Problem details
Every line of the material below needs to be written out exactly, please.

Supplied entries
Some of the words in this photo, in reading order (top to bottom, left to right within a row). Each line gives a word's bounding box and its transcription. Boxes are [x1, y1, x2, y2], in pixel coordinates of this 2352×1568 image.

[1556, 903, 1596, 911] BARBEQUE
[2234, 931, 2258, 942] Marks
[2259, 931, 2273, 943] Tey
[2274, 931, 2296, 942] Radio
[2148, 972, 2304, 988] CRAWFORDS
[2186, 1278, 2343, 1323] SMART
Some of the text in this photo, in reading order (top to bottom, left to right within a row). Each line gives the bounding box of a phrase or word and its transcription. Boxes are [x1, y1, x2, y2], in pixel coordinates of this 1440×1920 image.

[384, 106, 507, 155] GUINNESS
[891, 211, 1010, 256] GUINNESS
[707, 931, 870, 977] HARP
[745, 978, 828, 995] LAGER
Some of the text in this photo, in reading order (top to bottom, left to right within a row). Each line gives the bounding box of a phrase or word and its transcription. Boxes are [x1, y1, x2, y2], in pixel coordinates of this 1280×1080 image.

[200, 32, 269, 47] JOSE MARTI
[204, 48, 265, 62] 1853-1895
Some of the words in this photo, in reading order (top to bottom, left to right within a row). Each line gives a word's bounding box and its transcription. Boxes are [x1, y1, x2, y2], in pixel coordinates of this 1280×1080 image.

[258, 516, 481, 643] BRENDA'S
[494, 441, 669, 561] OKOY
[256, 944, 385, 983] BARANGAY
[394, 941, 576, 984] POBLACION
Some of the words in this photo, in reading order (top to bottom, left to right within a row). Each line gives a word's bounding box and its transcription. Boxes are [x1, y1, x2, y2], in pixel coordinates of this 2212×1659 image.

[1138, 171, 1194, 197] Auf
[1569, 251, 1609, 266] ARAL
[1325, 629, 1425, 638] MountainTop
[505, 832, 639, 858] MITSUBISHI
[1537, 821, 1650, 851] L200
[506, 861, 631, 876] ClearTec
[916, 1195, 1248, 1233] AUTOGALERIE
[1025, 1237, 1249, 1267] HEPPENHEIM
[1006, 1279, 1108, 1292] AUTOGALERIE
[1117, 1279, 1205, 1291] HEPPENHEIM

Reply to the task
Some of the words in this photo, in reading order (top to bottom, left to right within a row). Each line gives a word's bounding box and its transcription. Boxes are [x1, y1, x2, y2], in pixel coordinates of this 2352×1568 image.

[1556, 903, 1596, 911] BARBEQUE
[2234, 931, 2258, 942] Marks
[2259, 931, 2273, 943] Tey
[2274, 931, 2296, 942] Radio
[2148, 972, 2304, 988] CRAWFORDS
[2186, 1278, 2343, 1323] SMART
Some of the text in this photo, in reading order (top to bottom, left to right within a row). Each line gives the bounding box of a phrase or word and its transcription. Boxes are [x1, y1, x2, y2], in pixel coordinates of this 1440×1920 image.

[384, 106, 507, 155] GUINNESS
[891, 211, 1010, 256] GUINNESS
[707, 931, 870, 977] HARP
[745, 978, 828, 995] LAGER
Some of the text in this photo, in reading order (top to bottom, left to right within a row). Each line gives the bounding box of a phrase or word and its transcription. Boxes are [x1, y1, x2, y2], in pixel coordinates of this 1280×1080 image.

[200, 32, 269, 47] JOSE MARTI
[204, 48, 265, 62] 1853-1895
Some of the words in this photo, in reading order (top to bottom, left to right within a row). Each line gives a word's bounding box and its transcription. Boxes are [x1, y1, x2, y2], in pixel coordinates of this 1280×1080 image.

[258, 516, 481, 643] BRENDA'S
[494, 441, 669, 561] OKOY
[256, 944, 385, 983] BARANGAY
[394, 941, 576, 984] POBLACION
Some of the words in this photo, in reading order (top to bottom, left to right within a row). Each line gives a word's bounding box and its transcription. Boxes are [x1, y1, x2, y2], in pixel coordinates of this 2212×1659 image.

[1138, 171, 1194, 197] Auf
[1569, 251, 1609, 266] ARAL
[1325, 629, 1425, 638] MountainTop
[505, 832, 639, 858] MITSUBISHI
[1537, 821, 1650, 851] L200
[506, 861, 631, 876] ClearTec
[916, 1195, 1248, 1233] AUTOGALERIE
[1025, 1237, 1249, 1267] HEPPENHEIM
[1006, 1279, 1108, 1292] AUTOGALERIE
[1117, 1279, 1205, 1291] HEPPENHEIM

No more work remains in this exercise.